Evidence for negative cooperativity in the adsorption of phosphorylase b on hydrophobic agaroses

Abstract

The adsorption of phosphorylase b occurs through the positive cooperative interaction of a critical number of approximately 3-5 butyl and a higher number of methyl residues with corresponding sites on the enzyme. The amount of adsorbed phosphorylase b [rabbit muscle] per ml of packed gel (methyl-, butyl-Sepharose) in the absence and presence of 1.1 M ammonium sulfate at temperatures between 0 and 34.degree. C is a power function of the free solute equilibrium concentration (Freundlich isotherm). The adsorption of cyanmyoglobin to phosphocellulose is described by the Langmuir equation. The surface coverage dependent isosteric heats of adsorption for phosphorylase b indicate an endothermic reaction only on the butyl-Sepharose in the presence of high salt concentrations.
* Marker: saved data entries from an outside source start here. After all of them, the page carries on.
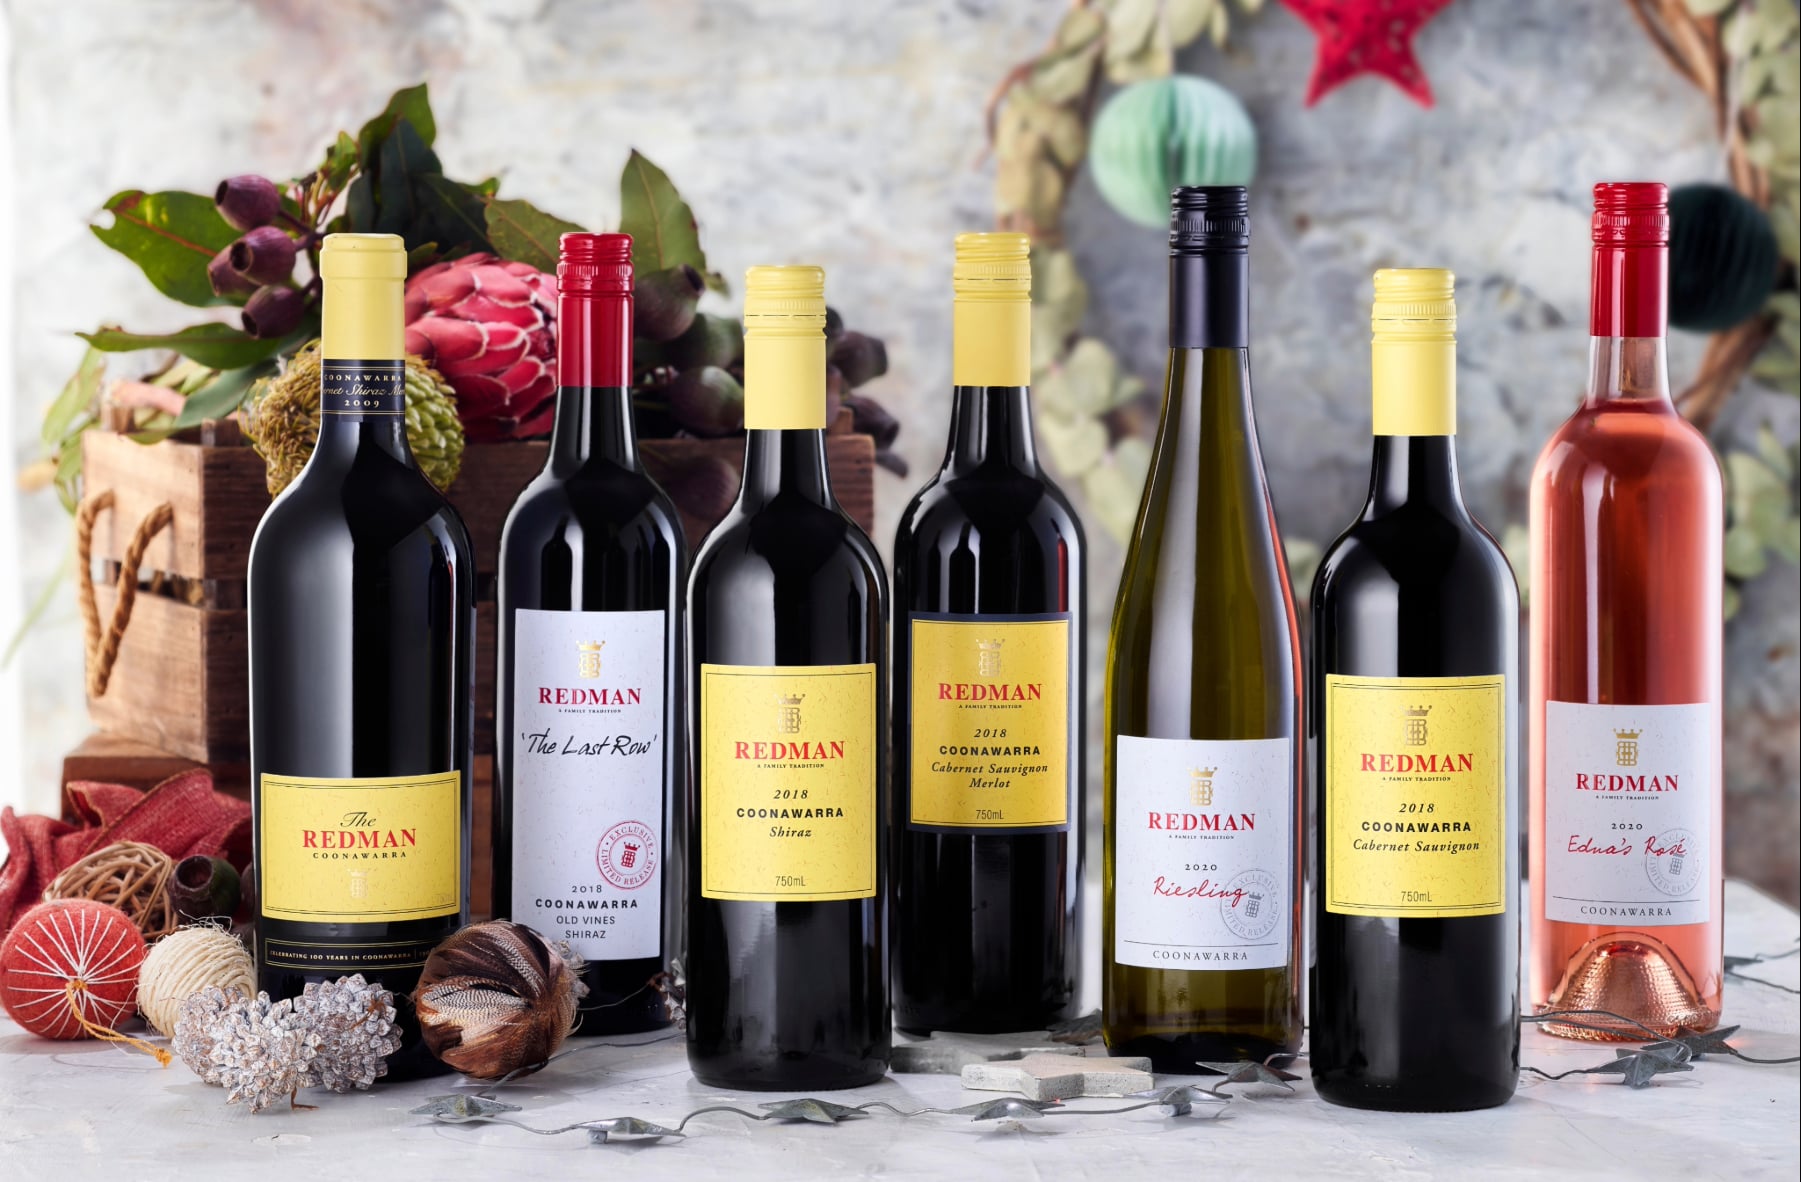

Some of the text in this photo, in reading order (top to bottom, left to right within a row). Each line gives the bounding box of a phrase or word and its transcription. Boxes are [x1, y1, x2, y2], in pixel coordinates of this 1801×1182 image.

[345, 384, 387, 396] Shiraz
[344, 400, 380, 408] 2009
[538, 686, 642, 705] REDMAN
[938, 683, 1042, 701] REDMAN
[974, 728, 1008, 738] 2018
[562, 735, 610, 756] Last
[734, 740, 845, 760] REDMAN
[939, 745, 1041, 756] COONAWARRA
[1360, 753, 1473, 772] REDMAN
[931, 762, 1048, 777] Cabernet Sauvignon
[969, 778, 1011, 788] Merlot
[1576, 772, 1679, 792] REDMAN
[773, 789, 809, 800] 2018
[736, 808, 844, 819] COONAWARRA
[976, 809, 1004, 820] 750mL
[1399, 803, 1435, 814] 2018
[340, 812, 376, 828] The
[1148, 811, 1256, 831] REDMAN
[1611, 822, 1643, 830] 2020
[769, 826, 812, 838] Shiraz
[1361, 821, 1472, 833] COONAWARRA
[302, 828, 416, 849] REDMAN
[608, 826, 654, 848] EXCLUSIVE
[1353, 838, 1480, 855] Cabernet Sauvignon
[1568, 834, 1687, 856] Edna's Rosé
[312, 851, 407, 860] COONAWARRA
[601, 849, 654, 886] LIMITED RELEASE
[775, 876, 806, 888] 750mL
[572, 884, 602, 893] 2018
[1153, 876, 1248, 908] Riesling
[1401, 890, 1432, 902] 750mL
[535, 898, 638, 910] COONAWARRA
[1580, 906, 1672, 916] COONAWARRA
[556, 916, 616, 925] OLD VINES
[565, 930, 606, 939] SHIRAZ
[270, 950, 308, 960] CELEBRATING
[362, 953, 411, 961] COONAWARRA
[1152, 950, 1248, 961] COONAWARRA
Scatchard plots of the Freundlich isotherms of phosphorylase b are concave upwards, typical of negative cooperativity. Hill plots of these isotherms (5-70% saturation) yield coefficients between nH = 0.39 and 0.71. At high surface coverages, the Hill coefficients approach 1. Apparent association constants (K0.5) of 4-39 .times. 104 M-1 are calculated for the adsorption of phosphorylase b, as compared to 2-9 .times. 104 M-1 for the adsorption of cyanmyoglobin. In general, negative cooperativity of binding may be explained by changes in the affinity of the ligand for the matrix, due to the sequential, multivalent adsorption and competition of phosphorylase b molecules for the critical number of alkyl residues (nonindependence of binding) on 1 side and to variations in the configuration of binding and entropy on the other.